At respiratory rate 6 breaths/min, end-inspiratory pressure (Pendinsp) 40 cm H2O, positive end-expiratory pressure 5 cm H2O, and FIO2 1.0, measurements were performed at randomly set inspiration to expiration ratios during baseline healthy and mild surfactant depletion injury. Lung damage was titrated by repetitive surfactant washout to induce maximal cyclic recruitment and derecruitment as measured by multifrequency phase fluorimetry. Regional ventilation distribution was evaluated by electrical impedance tomography. Step changes in airway pressure from 5 to 40 cm H2O and vice versa were performed after lavage to calculate PO2-based recruitment and derecruitment time constants (TAU).
In baseline healthy, cyclic recruitment and derecruitment could not be provoked, whereas in model acute respiratory distress syndrome, the highest ΔPaO2 were routinely detected at an inspiration to expiration ratio of 1:4 (range, 52-277 torr [6.9-36.9 kPa]). Shorter expiration time reduced cyclic recruitment and derecruitment significantly (158 ± 85 torr [21.1 ± 11.3 kPa] [inspiration to expiration ratio, 1:4]; 25 ± 12 torr [3.3 ± 1.6 kPa] [inspiration to expiration ratio, 4:1]; p < 0.0001), whereas the PaO2/FIO2 ratio increased (267 ± 50 [inspiration to expiration ratio, 1:4]; 424 ± 53 [inspiration to expiration ratio, 4:1]; p < 0.0001). Correspondingly, regional ventilation redistributed toward dependent lung regions (p < 0.0001).

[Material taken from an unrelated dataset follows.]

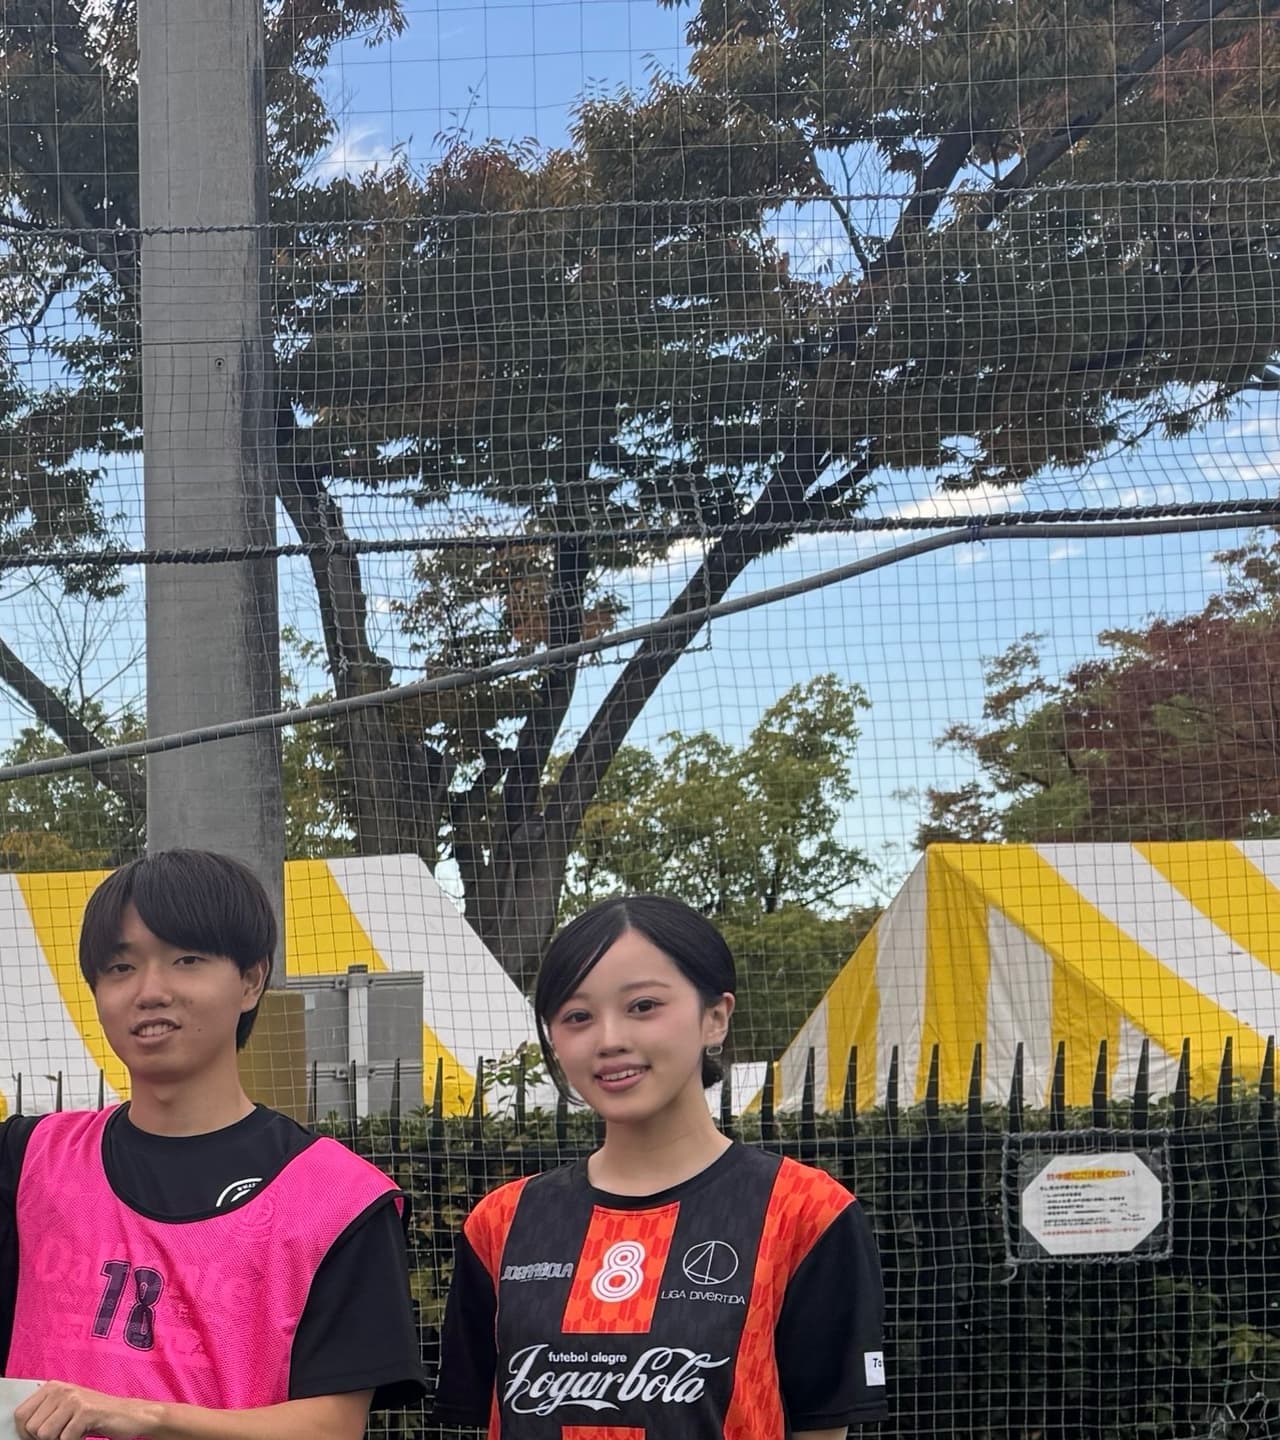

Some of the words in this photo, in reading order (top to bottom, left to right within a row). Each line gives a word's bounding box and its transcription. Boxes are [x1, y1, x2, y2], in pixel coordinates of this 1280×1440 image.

Recruitment was much faster (TAU: fast 1.6 s [78%]; slow 9.2 s) than derecruitment (TAU: fast 3.1 s [87%]; slow 17.7 s) (p = 0.0078).
Inverse ratio ventilation minimizes cyclic recruitment and derecruitment of atelectasis in an experimental model of surfactant-depleted pigs. Time constants for recruitment and derecruitment, and regional ventilation distribution, reflect these findings and highlight the time dependency of cyclic recruitment and derecruitment.

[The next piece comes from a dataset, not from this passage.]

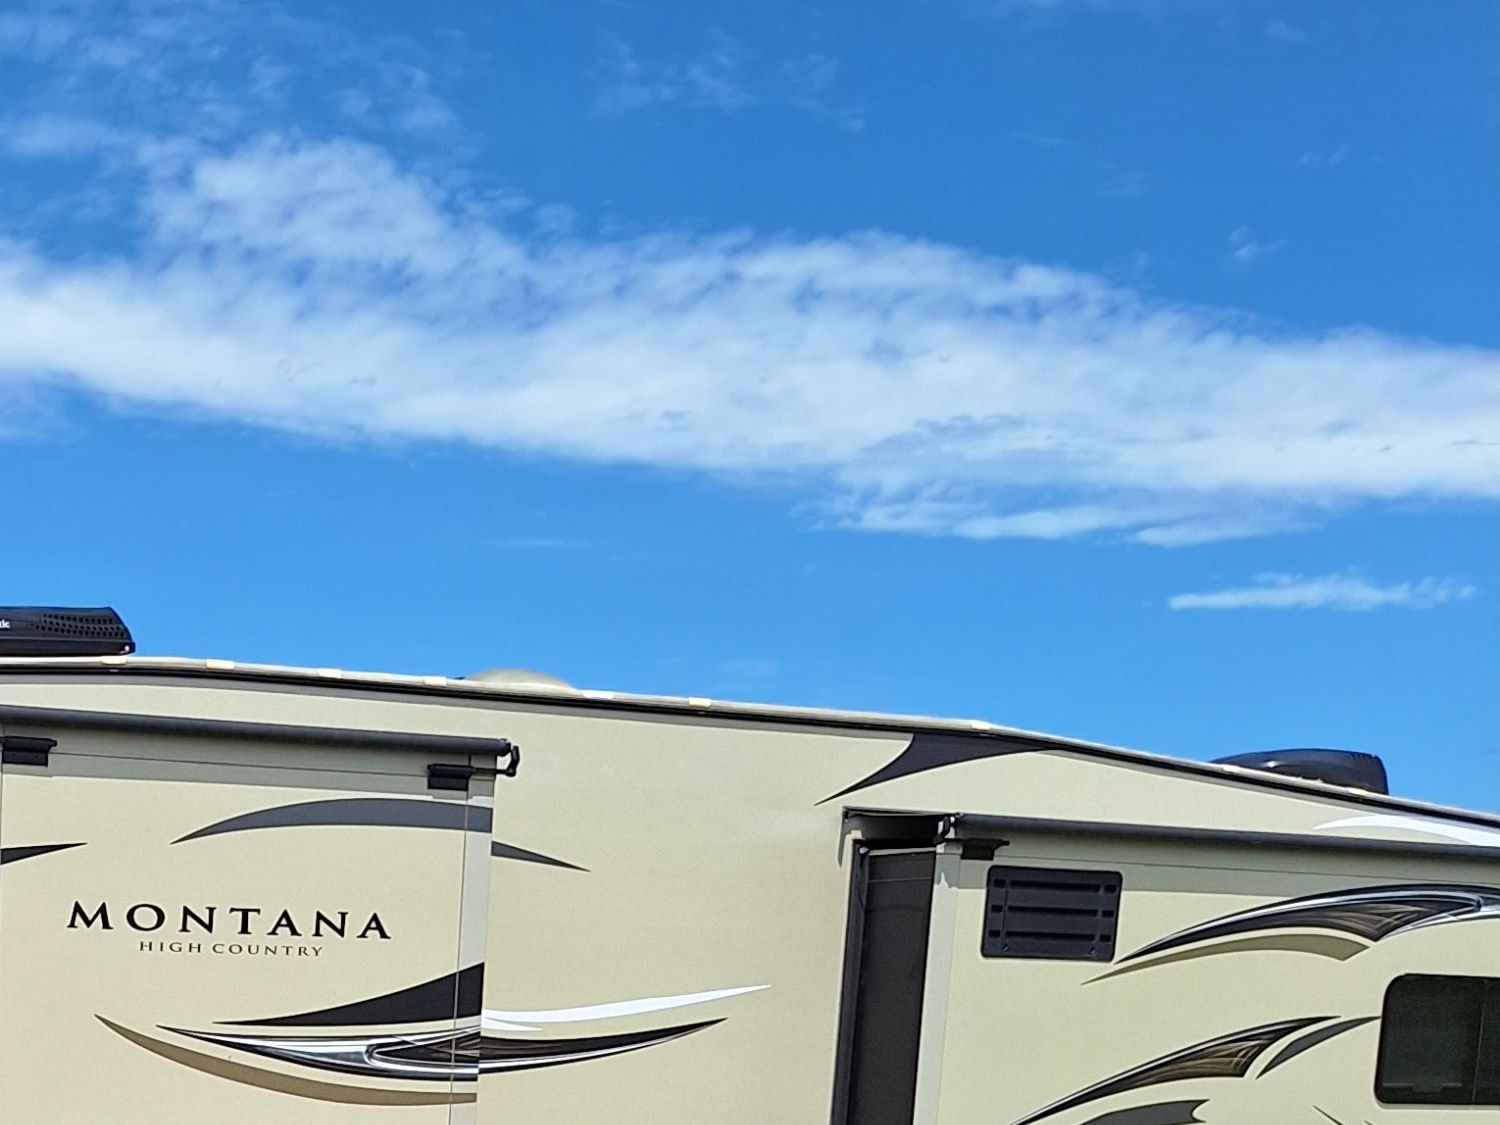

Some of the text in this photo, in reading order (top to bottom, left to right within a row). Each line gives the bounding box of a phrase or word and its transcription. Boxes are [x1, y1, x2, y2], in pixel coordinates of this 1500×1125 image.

[66, 900, 392, 940] MONTANA
[139, 940, 323, 957] HIGH COUNTRY

在机械通气过程中,尤其是在受损肺脏中,肺不张可能会周期性地出现复张和萎陷。在实验中,周期性复张和萎陷可通过动脉血氧分压(ΔPaO₂)的呼吸依赖性变化进行量化,这反映了呼吸周期内肺内分流分数的变化。本研究调查了吸呼比对ΔPaO₂和霍洛维茨指数的影响。
前瞻性随机研究。
实验室研究。
平均体重30±2千克的仔猪。
在呼吸频率为6次/分钟、吸气末压力(Pendinsp)为40厘米水柱、呼气末正压为5厘米水柱且吸入氧分数为1.0的条件下,在基线健康状态和轻度表面活性剂耗竭性损伤期间,以随机设定的吸呼比进行测量。通过重复冲洗表面活性剂来滴定肺损伤,以诱导最大程度的周期性复张和萎陷,通过多频相位荧光法进行测量。通过电阻抗断层扫描评估区域通气分布。在灌洗后,将气道压力从5厘米水柱逐步升至40厘米水柱,然后再降至5厘米水柱,以计算基于氧分压的复张和萎陷时间常数(TAU)。
在基线健康状态下,无法诱发周期性复张和萎陷,而在急性呼吸窘迫综合征模型中,在吸呼比为1:4(范围为52 - 277托[6.9 - 36.9千帕])时,通常会检测到最高的ΔPaO₂。较短的呼气时间显著减少了周期性复张和萎陷(158±85托[21.1±11.3千帕][吸呼比,1:4];25±12托[3.3±1.6千帕][吸呼比,4:1];p<0.0001),而动脉血氧分压/吸入氧分数比值增加(267±50[吸呼比,1:4];424±53[吸呼比,4:1];p<0.0001)。相应地,区域通气重新分布至肺低垂区域(p<0.0001)。复张比萎陷快得多(TAU:快速1.6秒[78%];慢速9.2秒)(TAU:快速3.1秒[87%];慢速17.7秒)(p = 0.0078)。
反比通气可使表面活性剂耗竭猪的实验模型中肺不张的周期性复张和萎陷降至最低。复张和萎陷的时间常数以及区域通气分布反映了这些结果,并突出了周期性复张和萎陷的时间依赖性。